Quanto morir. Ma perché la vita nasca! Quanto morire a
Beirut, a Parigi, a Mossul, a Raqqa, a Tobruk, perché nasca qualcosa. Siamo nelle doglie del parto. E
sappiamo che più le doglie sono forti più il parto è vicino.
Siamo in Avvento planetario, cosmica attesa di una
nascita, non tanto del Natale di Gesù, che è già stato, ma attesa di ciò che
lui è venuto a portare, della nascita di un mondo nuovo, di un altro modo di
abitare la terra. Possibile che non si
possa vivere senza uccidere?
Continua Rebora:
Pur da una
Madre sola, che è divina, / alla luce si vien felicemente:
vita che
l’amor produce in pianto…
Da una Madre sola veniamo
alla luce, Dio come Madre.
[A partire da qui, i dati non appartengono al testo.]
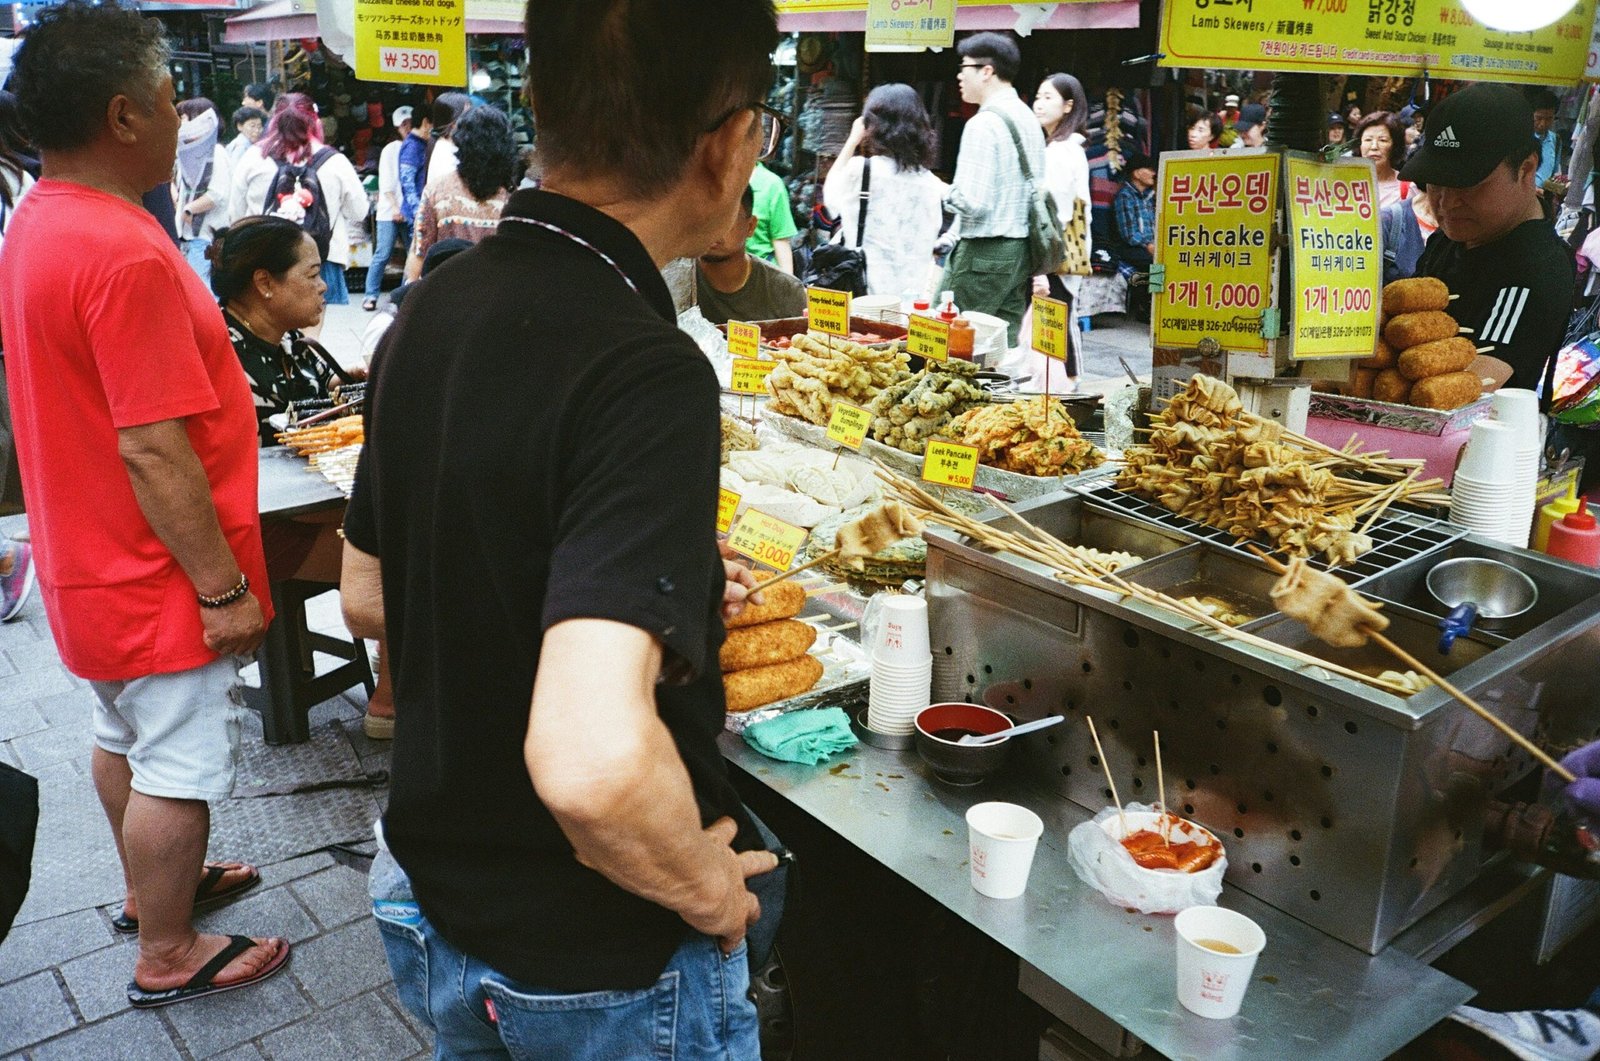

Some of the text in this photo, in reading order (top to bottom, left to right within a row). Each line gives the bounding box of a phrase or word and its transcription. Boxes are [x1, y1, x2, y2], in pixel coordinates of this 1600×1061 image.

Vita che l’amor
produce in pianto. È l’amore che produce vita, ma nel pianto: produrre vita
con gesti di generosità, opere di luce nel buio della notte, costa lacrime,
domanda perseveranza.
Ogni giorno c’è un mondo che
muore, ma ogni giorno c’è anche un mondo che nasce. Cadono molti punti di
riferimento, ma ci sono anche sentori di nuove primavere.
Avvento è il tempo della
speranza, di vita che l’amor produce.
Il Signore che è delle cose
l’attesa e il gemito, che viene e vive nel cuore dell’uomo, adesso è qui, con
le sue mani impigliate nel folto della vita, portatore di libertà, di sguardi
alti, di umanità che si rialza. E allora non
terrorizzatevi, non è la fine; e allora risollevatevi, alzate il capo, perché la
vostra liberazione è vicina.
Preghiera alla comunione
Abita in mezzo a noi,
Signore,
con la tua presenza leggera.
Facci tremare non davanti
all’orrore
Ma davanti al tuo sguardo
chiaro.
Tu hai portato luce nel cuore
dell’universo,
hai riaperto le porte,
risvegliato la primavera.
Tu il germoglio di un altro
mondo
Dove l’amore produce vita, anche se in pianto.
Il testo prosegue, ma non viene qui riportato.